Comme la plupart des places portuaires qui ont des ambitions dans le conventionnel, Anvers-Bruges s’intéresse au fret de projet.

À cet égard, il devra se frotter à Rotterdam, qui a beaucoup d’activités offshore, voire à Haropa, le port de l’axe seine, qui affiche une vraie politique commerciale dédiée aux colis lourds et au hors gabarit, jouant sur les complémentarités multimodales fleuve-rail-route.

Pour concrétiser ses ambitions dans le project cargo, la direction portuaire a fléché une zone de 15 ha au sein du bassin Churchill. Cette darse, qui occupe une position centrale dans la zone portuaire à la rive droite de l’Escaut, est le centre névralgique de l’activité breakbulk. Les grands noms du conventionnel s’y concentrent, comme NHS, Zuidnatie et PSA.

À l’issue d’un appel d’offres, la concession a été attribuée à PSA Breakbulk, joint-venture entre le Singapourien PSA, le numéro un mondial de la manutention portuaire, et Felbermayr, groupe autrichien parmi les plus grands spécialistes européens du transport lourd.

« Le projet commun de ces deux entreprises est en parfaite adéquation avec nos objectifs. Le breakbulk génère une forte valeur ajoutée dans le portefeuille de notre port, il est donc primordial que nous continuions à mettre en valeur ces marchandises », a répété à cette occasion Jacques Vandermeiren, le CEO du port d’Anvers.

« Ce segment reste une priorité absolue pour notre port. Anvers est depuis des siècles le port de marchandises diverses par excellence en Europe.

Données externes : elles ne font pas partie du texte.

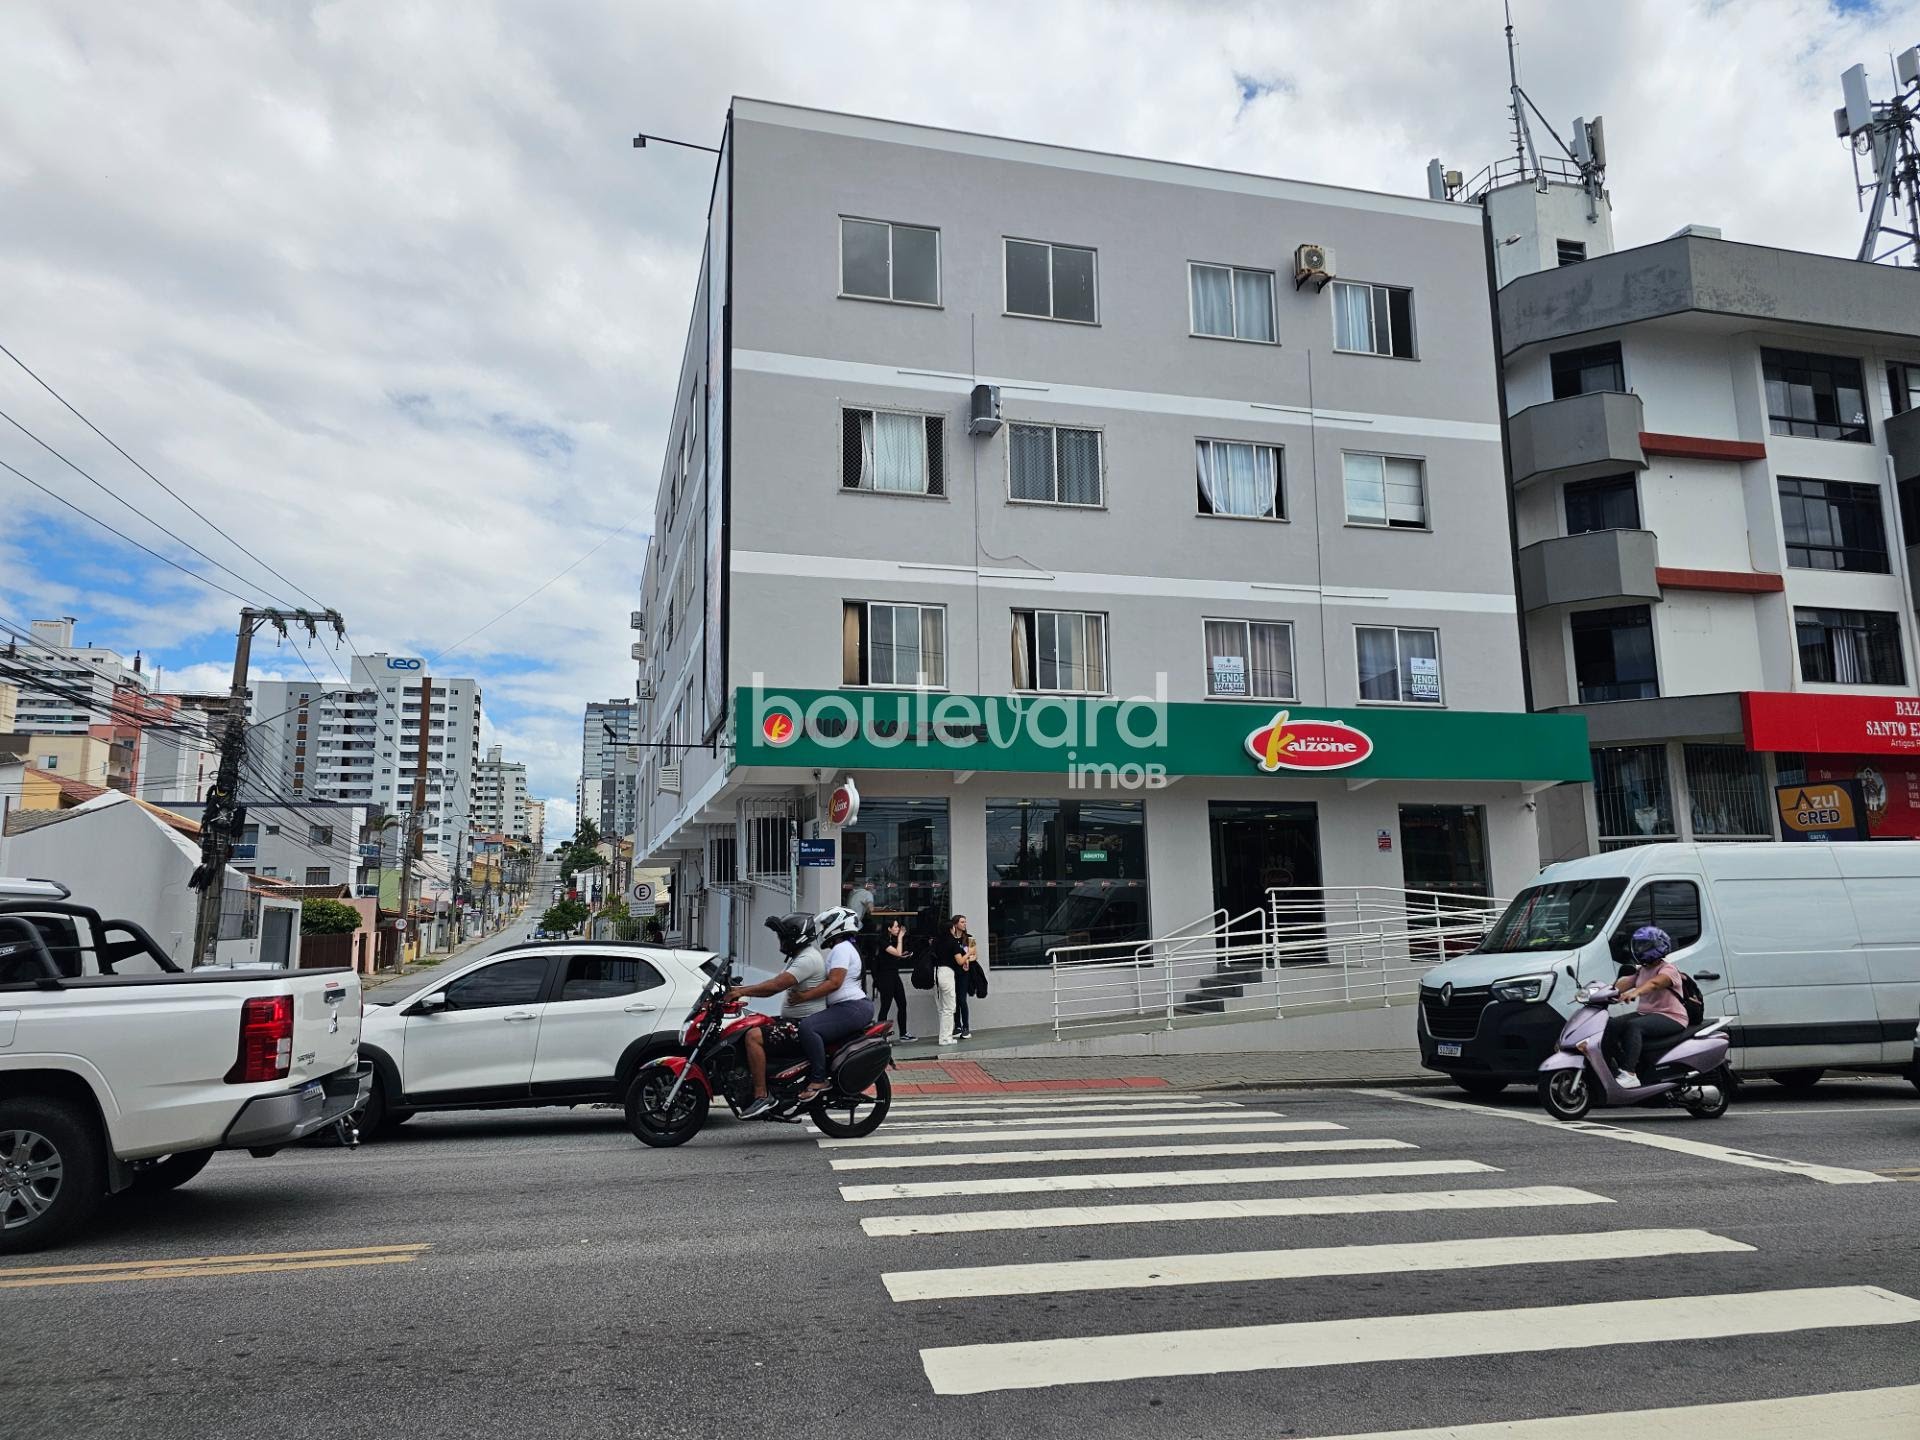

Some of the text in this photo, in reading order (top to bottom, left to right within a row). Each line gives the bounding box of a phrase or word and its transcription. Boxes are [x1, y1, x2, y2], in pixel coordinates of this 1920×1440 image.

Nous disposons donc en interne de la qualité, de l’expérience et de la flexibilité requises pour pro- poser des solutions adaptées », a ajouté Annick De Ridder, échevine du port.

Quant à PSA, il prévoit d’installer une grue d’une capacité de levage de 750 t et vise un fret en lien avec le pôle pétrochimique voisin du port , revendiqué comme étant le deuxième plus grand au monde.

« La transition énergétique requise dans toutes les industries au cours des prochaines années entraînera la (re)conversion des installations et donc des flux de marchandises, ce qui valide notre concept », explique Dennis Verbeeck, directeur général de PSA Breakbulk, qui entend offrir un guichet unique pour les cargaisons à grande échelle.